### Directions for this task
Word for word, reproduce all entries below, leaving every picture out.

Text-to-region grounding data
____________________

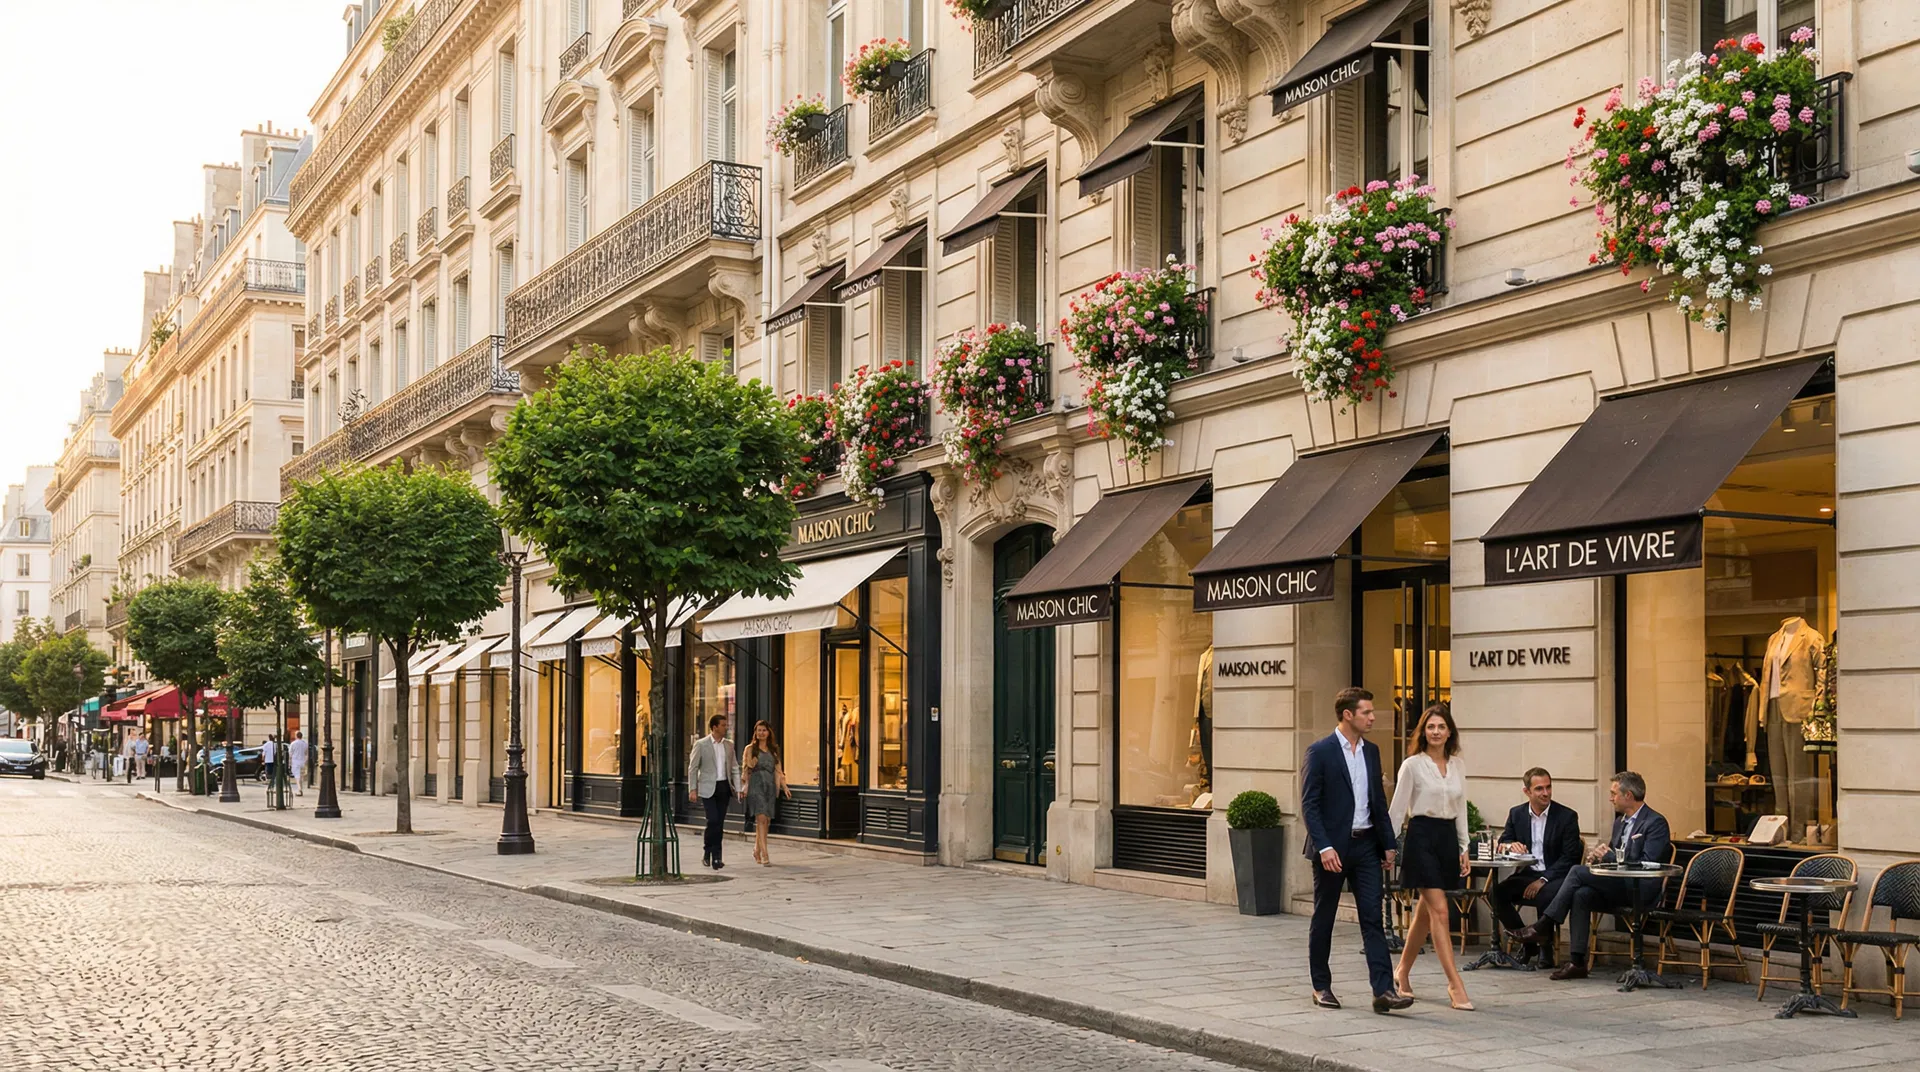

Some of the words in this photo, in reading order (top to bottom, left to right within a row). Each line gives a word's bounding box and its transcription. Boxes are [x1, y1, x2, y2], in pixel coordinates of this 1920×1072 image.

[1285, 74, 1328, 105] MAISON
[1330, 60, 1360, 83] CHIC
[797, 517, 841, 545] MAISON
[845, 510, 875, 535] CHIC
[1505, 543, 1561, 573] L'ART
[1568, 539, 1598, 567] DE
[1605, 530, 1675, 563] VIVRE
[1207, 574, 1271, 602] MAISON
[1276, 569, 1317, 595] CHIC
[1016, 598, 1065, 621] MAISON
[1068, 594, 1098, 616] CHIC
[1218, 661, 1259, 677] MAISON
[1261, 659, 1286, 675] CHIC
[1469, 650, 1504, 667] L'ART
[1507, 649, 1526, 666] DE
[1529, 646, 1571, 665] VIVRE

____________________

### Task output
Some of the words in this photo, in reading order (top to bottom, left to right within a row). Each line gives a word's bounding box and its transcription. Boxes are [x1, y1, x2, y2], in pixel coordinates of this 1920×1072 image.

[1285, 74, 1328, 105] MAISON
[1330, 60, 1360, 83] CHIC
[797, 517, 841, 545] MAISON
[845, 510, 875, 535] CHIC
[1505, 543, 1561, 573] L'ART
[1568, 539, 1598, 567] DE
[1605, 530, 1675, 563] VIVRE
[1207, 574, 1271, 602] MAISON
[1276, 569, 1317, 595] CHIC
[1016, 598, 1065, 621] MAISON
[1068, 594, 1098, 616] CHIC
[1218, 661, 1259, 677] MAISON
[1261, 659, 1286, 675] CHIC
[1469, 650, 1504, 667] L'ART
[1507, 649, 1526, 666] DE
[1529, 646, 1571, 665] VIVRE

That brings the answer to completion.